EXHIBIT 10.33
[LETTERHEAD OF CALCOMP]
April 1, 1998
Xx. Xxxxx X. Xxxx
Xx. Vice President and General Manager
Input Technologies Division
RE: CALCOMP TECHNOLOGY, INC. - CHANGE OF CONTROL
TERMINATION BENEFIT AGREEMENT
Dear Xxx:
CalComp Technology, Inc. ("CalComp") is a publicly held corporation. Lockheed
Xxxxxx Corporation ("Lockheed Xxxxxx") currently owns more than 50% of the
voting securities of CalComp. If at any future time Lockheed Xxxxxx, one or
more subsidiaries of Lockheed Xxxxxx, or a combination thereof ceases to own or
control (directly or indirectly) more than 50% of the voting securities of
CalComp, or if the Input Technologies Division is sold, then, for the purposes
of this letter a "change of control" of CalComp shall be deemed to have
occurred.
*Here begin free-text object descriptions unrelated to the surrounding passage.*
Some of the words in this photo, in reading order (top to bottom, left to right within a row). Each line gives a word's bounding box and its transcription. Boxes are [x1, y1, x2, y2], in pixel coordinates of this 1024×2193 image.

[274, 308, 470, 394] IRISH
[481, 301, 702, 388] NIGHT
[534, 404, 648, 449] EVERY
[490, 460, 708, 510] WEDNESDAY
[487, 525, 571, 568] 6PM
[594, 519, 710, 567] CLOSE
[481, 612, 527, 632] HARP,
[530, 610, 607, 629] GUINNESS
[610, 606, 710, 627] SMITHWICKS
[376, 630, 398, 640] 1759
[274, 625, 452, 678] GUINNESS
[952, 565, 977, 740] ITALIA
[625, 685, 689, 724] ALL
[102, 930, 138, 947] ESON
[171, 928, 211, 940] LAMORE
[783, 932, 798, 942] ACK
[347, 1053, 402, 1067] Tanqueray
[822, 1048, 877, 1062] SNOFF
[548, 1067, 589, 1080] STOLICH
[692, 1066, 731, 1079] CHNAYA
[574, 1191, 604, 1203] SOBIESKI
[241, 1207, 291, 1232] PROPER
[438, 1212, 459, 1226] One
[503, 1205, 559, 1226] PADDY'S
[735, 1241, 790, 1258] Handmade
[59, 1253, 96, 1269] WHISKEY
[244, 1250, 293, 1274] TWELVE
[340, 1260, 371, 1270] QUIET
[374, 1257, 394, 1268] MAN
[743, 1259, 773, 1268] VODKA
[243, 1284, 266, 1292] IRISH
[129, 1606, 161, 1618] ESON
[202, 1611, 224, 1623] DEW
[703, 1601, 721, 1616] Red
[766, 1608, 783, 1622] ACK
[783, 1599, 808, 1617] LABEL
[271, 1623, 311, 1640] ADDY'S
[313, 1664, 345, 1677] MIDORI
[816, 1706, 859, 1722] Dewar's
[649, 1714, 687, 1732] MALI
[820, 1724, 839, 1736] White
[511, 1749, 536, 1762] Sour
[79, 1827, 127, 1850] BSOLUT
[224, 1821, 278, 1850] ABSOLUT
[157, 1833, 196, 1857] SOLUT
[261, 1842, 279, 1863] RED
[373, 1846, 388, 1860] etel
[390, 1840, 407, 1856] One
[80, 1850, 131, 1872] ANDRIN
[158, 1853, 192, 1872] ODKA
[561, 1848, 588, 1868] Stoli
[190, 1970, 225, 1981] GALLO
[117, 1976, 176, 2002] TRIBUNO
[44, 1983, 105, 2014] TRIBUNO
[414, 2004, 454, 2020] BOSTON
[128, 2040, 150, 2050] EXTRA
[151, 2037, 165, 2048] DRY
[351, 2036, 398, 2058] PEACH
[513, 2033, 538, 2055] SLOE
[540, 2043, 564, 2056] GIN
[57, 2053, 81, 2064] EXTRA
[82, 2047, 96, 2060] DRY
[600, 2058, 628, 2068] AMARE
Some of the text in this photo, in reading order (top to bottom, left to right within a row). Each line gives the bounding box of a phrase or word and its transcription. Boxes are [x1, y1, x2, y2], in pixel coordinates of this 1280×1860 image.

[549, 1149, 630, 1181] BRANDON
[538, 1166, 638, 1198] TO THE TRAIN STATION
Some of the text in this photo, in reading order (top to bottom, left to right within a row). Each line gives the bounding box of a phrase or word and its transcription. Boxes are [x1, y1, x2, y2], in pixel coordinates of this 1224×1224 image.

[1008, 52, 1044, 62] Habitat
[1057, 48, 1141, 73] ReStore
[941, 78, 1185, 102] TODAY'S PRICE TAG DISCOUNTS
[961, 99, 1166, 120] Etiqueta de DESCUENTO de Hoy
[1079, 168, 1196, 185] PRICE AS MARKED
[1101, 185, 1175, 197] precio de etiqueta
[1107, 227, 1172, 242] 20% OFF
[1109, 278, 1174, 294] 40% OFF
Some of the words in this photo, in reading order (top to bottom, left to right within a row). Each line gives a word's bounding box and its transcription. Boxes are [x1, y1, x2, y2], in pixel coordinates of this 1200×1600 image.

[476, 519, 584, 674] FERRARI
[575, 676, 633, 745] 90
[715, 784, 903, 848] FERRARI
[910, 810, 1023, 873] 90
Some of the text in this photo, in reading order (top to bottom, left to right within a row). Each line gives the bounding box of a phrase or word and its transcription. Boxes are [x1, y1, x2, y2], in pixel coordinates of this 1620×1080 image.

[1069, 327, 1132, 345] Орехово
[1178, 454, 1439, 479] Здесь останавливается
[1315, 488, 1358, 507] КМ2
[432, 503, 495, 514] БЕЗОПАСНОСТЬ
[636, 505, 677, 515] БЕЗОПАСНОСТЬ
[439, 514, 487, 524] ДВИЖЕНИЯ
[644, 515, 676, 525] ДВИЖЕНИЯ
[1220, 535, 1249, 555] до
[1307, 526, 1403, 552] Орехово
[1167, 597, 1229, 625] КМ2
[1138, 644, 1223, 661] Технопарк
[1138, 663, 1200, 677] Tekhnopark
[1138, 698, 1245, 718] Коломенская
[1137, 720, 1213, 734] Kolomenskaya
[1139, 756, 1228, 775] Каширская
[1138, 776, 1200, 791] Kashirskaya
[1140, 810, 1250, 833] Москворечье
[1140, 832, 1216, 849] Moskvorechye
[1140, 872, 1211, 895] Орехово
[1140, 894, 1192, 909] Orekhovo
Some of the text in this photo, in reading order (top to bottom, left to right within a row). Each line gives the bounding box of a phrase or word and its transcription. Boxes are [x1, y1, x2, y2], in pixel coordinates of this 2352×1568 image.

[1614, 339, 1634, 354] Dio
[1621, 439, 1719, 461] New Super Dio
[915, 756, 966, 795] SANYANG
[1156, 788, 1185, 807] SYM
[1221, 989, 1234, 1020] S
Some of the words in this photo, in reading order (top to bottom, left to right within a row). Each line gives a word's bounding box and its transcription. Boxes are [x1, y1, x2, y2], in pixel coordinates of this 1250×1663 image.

The term "voting securities" shall mean securities able to vote for
directors or securities convertible into or exchangeable or exercisable for
securities able to vote for directors.
We understand that the prospect of a change of control may trouble you, but as a
key and valued employee we want you to remain with the Company to help keep the
Company running properly. That is why we are offering you the benefits
described in this agreement.
If a change of control occurs and if within 18 months from the date of the
change of control (1) you are involuntarily terminated by the Company or any
successor owner (except for terminations for cause) or; (2) you are removed from
the position held immediately prior to the change and the effect is a material
reduction of status, responsibilities or duties and you then terminate your
employment within 60 days after having your status reduced or; (3) your base
salary in effect at the time of the change of control is reduced, and you then
terminate your employment within 60 days after having your salary reduced, then
you will be eligible to receive the benefits described below. No other
severance or similar benefits will be paid to you.
1. SEVERANCE BENEFIT
You will be eligible for a lump-sum severance payment determined under the
following formula: an amount equal to one and a half (1 1/2) years' annual base
salary immediately prior to the change of control plus an amount equal to one
year's Management Incentive Compensation Plan Award at your target level, all
less statutory deductions but excluding voluntary deductions, such as for
savings plans. (Example: If your salary is $100,000 and your target is 20%, you
will receive $150,000 + $20,000 for a total of $170,000, less withholdings).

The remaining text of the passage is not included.